** WORKING DATA follows **
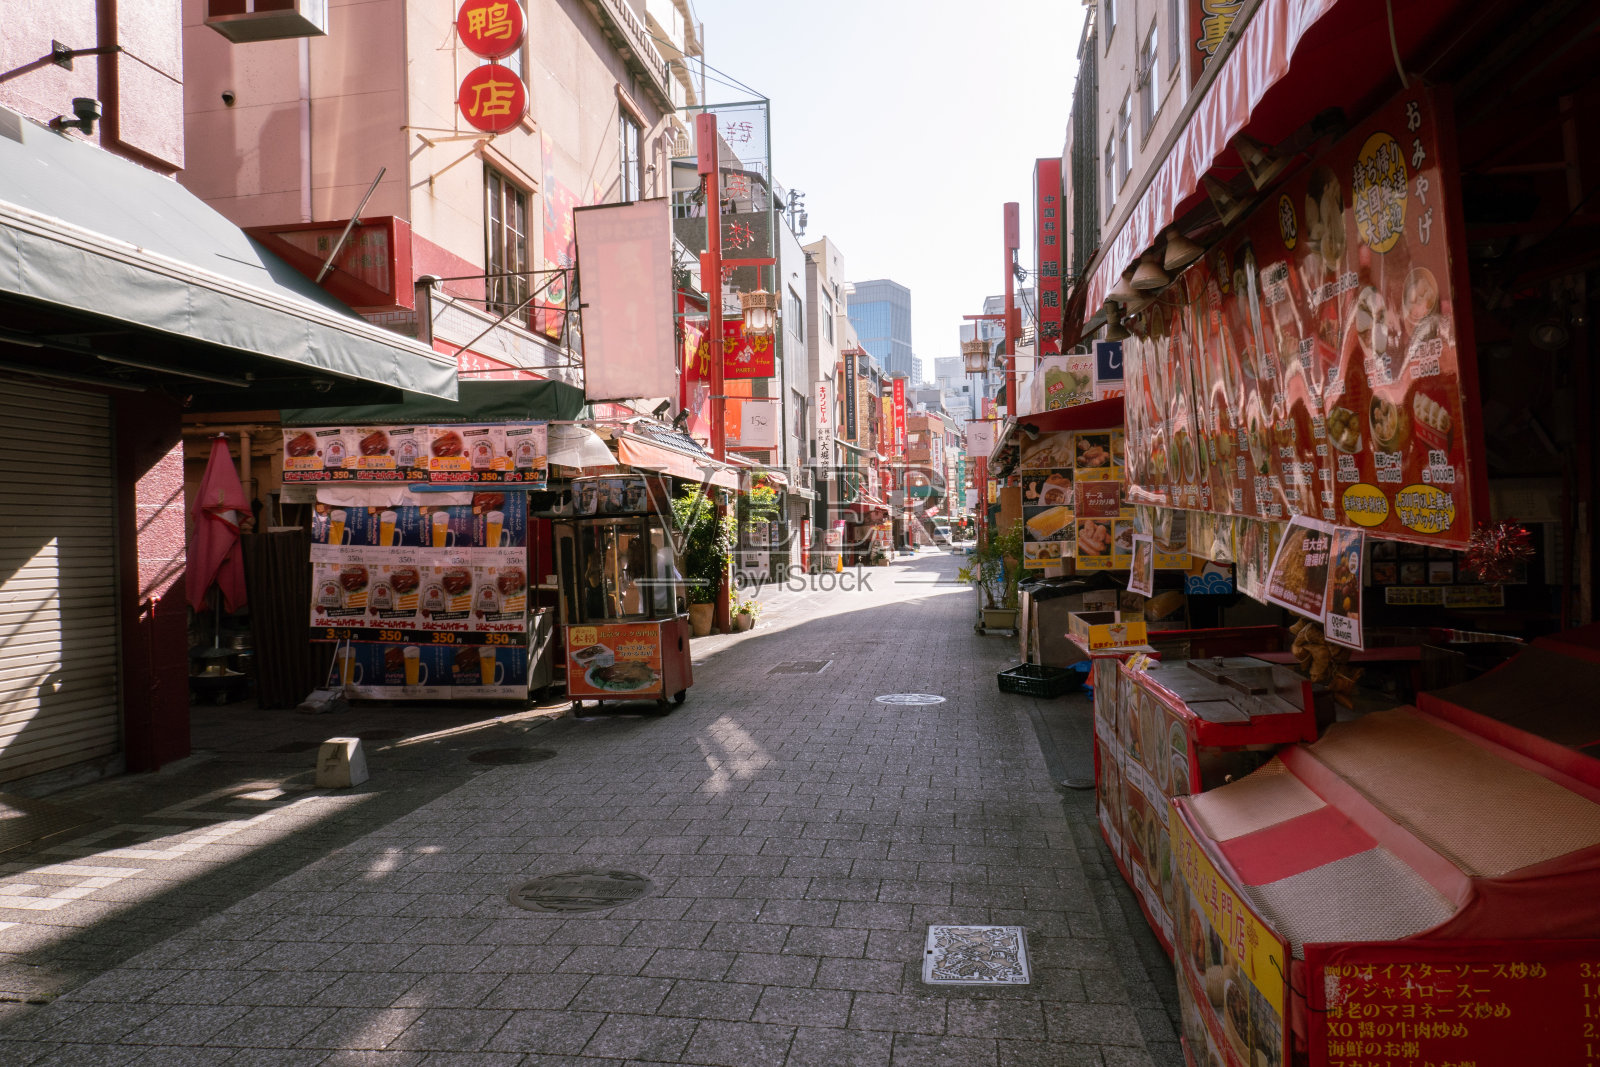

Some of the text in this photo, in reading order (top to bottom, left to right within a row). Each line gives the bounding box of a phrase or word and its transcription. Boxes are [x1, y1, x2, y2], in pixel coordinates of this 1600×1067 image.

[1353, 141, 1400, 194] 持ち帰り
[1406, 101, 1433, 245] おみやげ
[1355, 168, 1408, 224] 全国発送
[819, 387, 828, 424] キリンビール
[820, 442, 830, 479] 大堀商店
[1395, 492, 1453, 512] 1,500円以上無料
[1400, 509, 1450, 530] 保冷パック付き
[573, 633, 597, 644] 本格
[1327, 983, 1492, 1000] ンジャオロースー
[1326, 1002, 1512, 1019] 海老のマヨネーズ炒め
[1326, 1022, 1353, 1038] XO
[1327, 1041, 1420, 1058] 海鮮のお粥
** End of WORKING DATA **
- WORK TO COMPLETE -
The entire listing above, word for word and without pictures, is what should be output.

- FINISHED TASK -
Some of the text in this photo, in reading order (top to bottom, left to right within a row). Each line gives the bounding box of a phrase or word and its transcription. Boxes are [x1, y1, x2, y2], in pixel coordinates of this 1600×1067 image.

[1353, 141, 1400, 194] 持ち帰り
[1406, 101, 1433, 245] おみやげ
[1355, 168, 1408, 224] 全国発送
[819, 387, 828, 424] キリンビール
[820, 442, 830, 479] 大堀商店
[1395, 492, 1453, 512] 1,500円以上無料
[1400, 509, 1450, 530] 保冷パック付き
[573, 633, 597, 644] 本格
[1327, 983, 1492, 1000] ンジャオロースー
[1326, 1002, 1512, 1019] 海老のマヨネーズ炒め
[1326, 1022, 1353, 1038] XO
[1327, 1041, 1420, 1058] 海鮮のお粥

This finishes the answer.